--- Task material ---
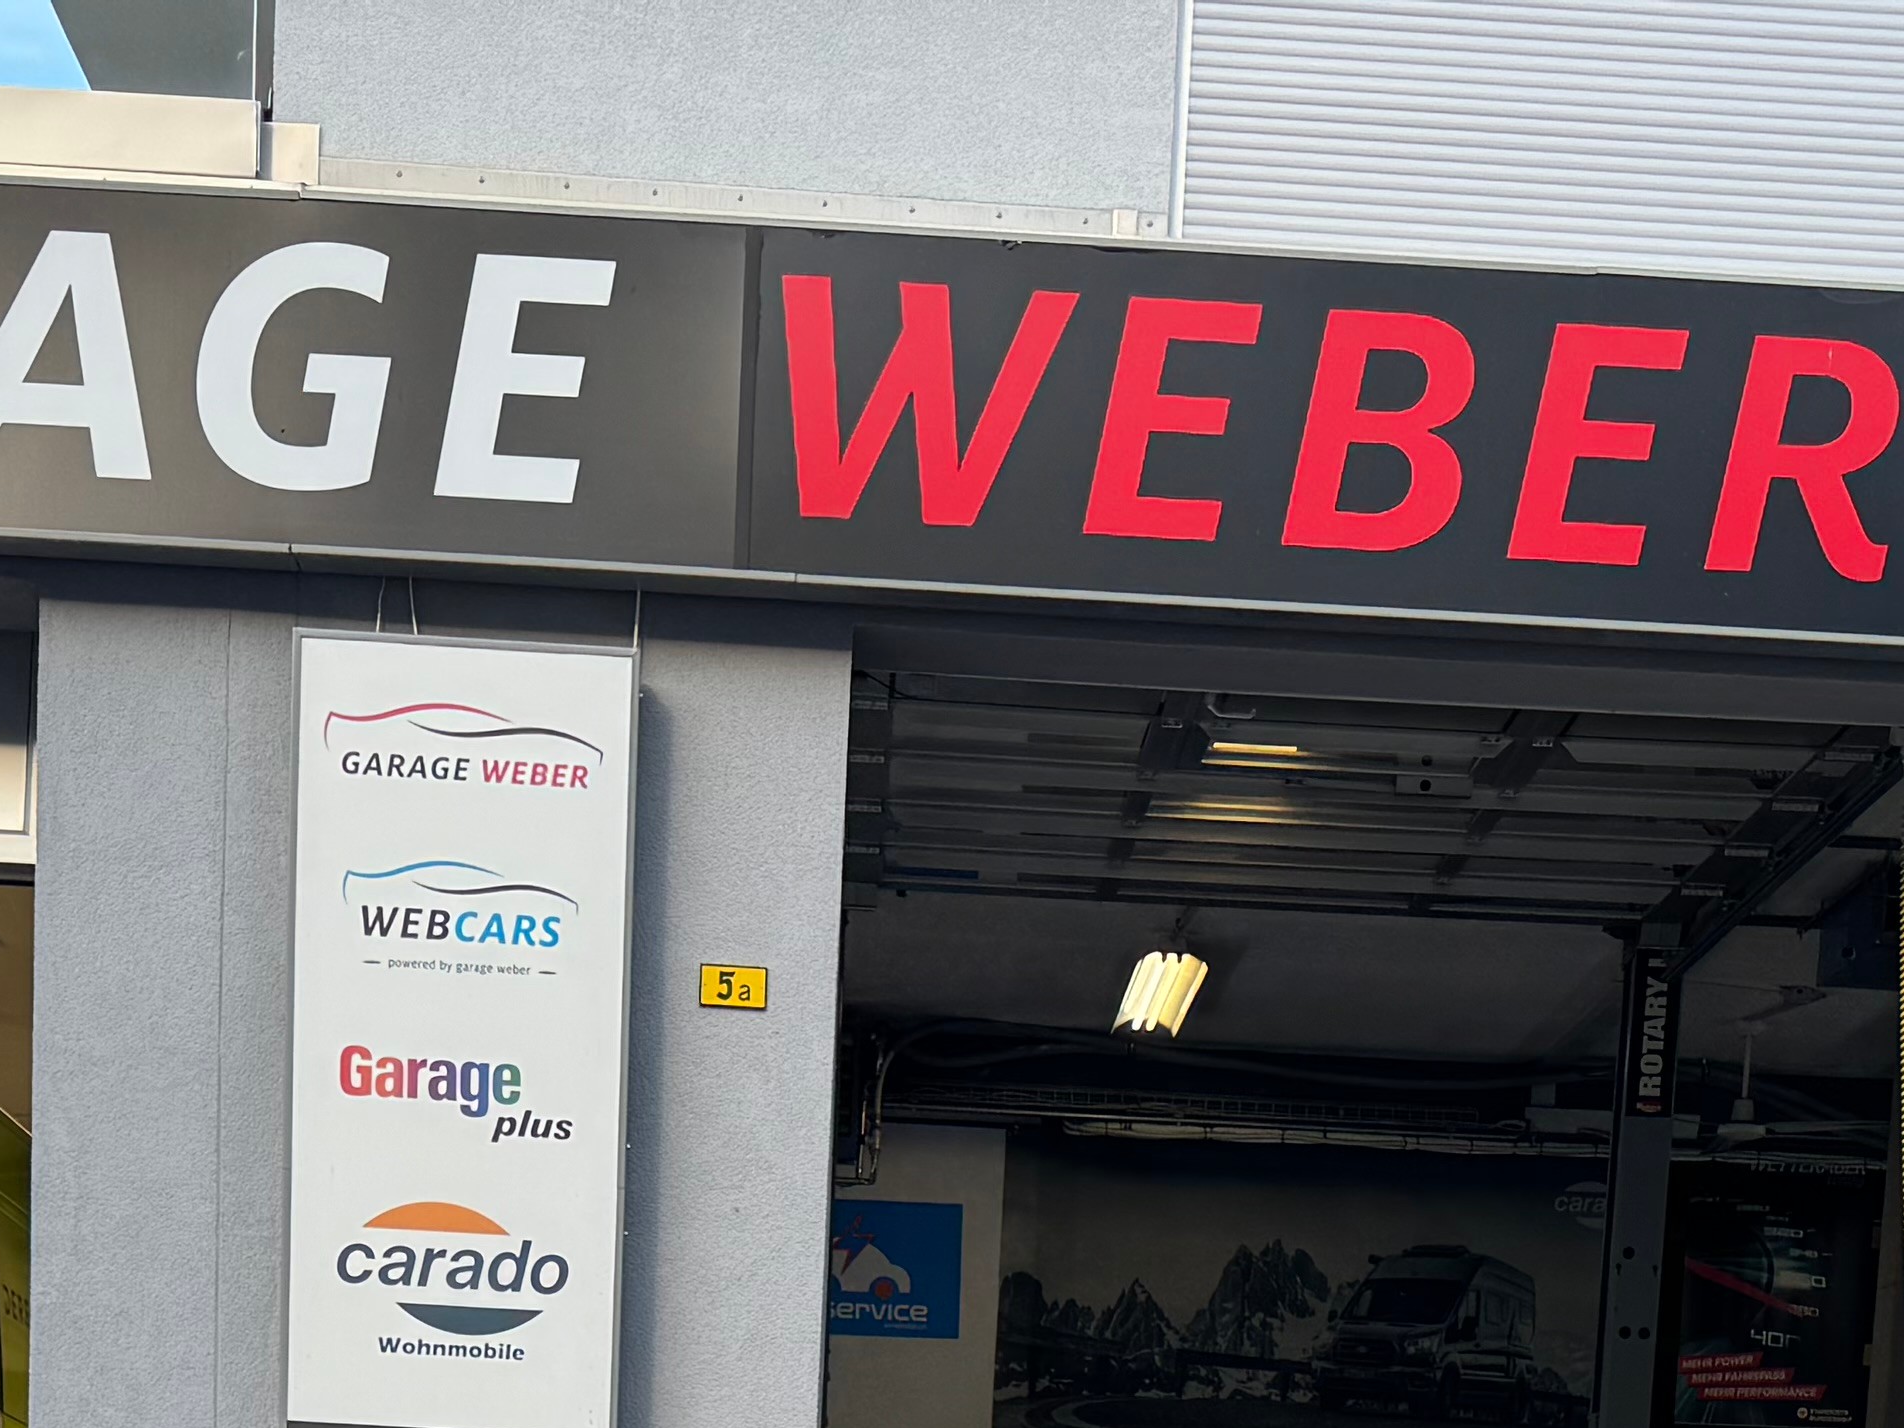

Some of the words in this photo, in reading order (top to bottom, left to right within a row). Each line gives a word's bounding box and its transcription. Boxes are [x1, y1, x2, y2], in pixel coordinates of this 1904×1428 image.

[781, 274, 1900, 582] WEBER
[342, 751, 470, 781] GARAGE
[481, 759, 589, 789] WEBER
[361, 905, 560, 948] WEBCARS
[388, 958, 435, 973] powered
[439, 960, 452, 974] by
[456, 961, 493, 976] garage
[497, 963, 531, 976] weber
[1639, 976, 1669, 1097] ROTARY
[340, 1045, 521, 1118] Garage
[492, 1110, 572, 1143] plus
[1554, 1196, 1607, 1213] cara
[336, 1240, 569, 1295] carado
[378, 1336, 525, 1361] Wohnmobile
---
→ **Assignment**
The records above must be printed exactly, but the pictures they hold should be omitted.

→ **Solution to the exercise**
Some of the words in this photo, in reading order (top to bottom, left to right within a row). Each line gives a word's bounding box and its transcription. Boxes are [x1, y1, x2, y2], in pixel coordinates of this 1904×1428 image.

[781, 274, 1900, 582] WEBER
[342, 751, 470, 781] GARAGE
[481, 759, 589, 789] WEBER
[361, 905, 560, 948] WEBCARS
[388, 958, 435, 973] powered
[439, 960, 452, 974] by
[456, 961, 493, 976] garage
[497, 963, 531, 976] weber
[1639, 976, 1669, 1097] ROTARY
[340, 1045, 521, 1118] Garage
[492, 1110, 572, 1143] plus
[1554, 1196, 1607, 1213] cara
[336, 1240, 569, 1295] carado
[378, 1336, 525, 1361] Wohnmobile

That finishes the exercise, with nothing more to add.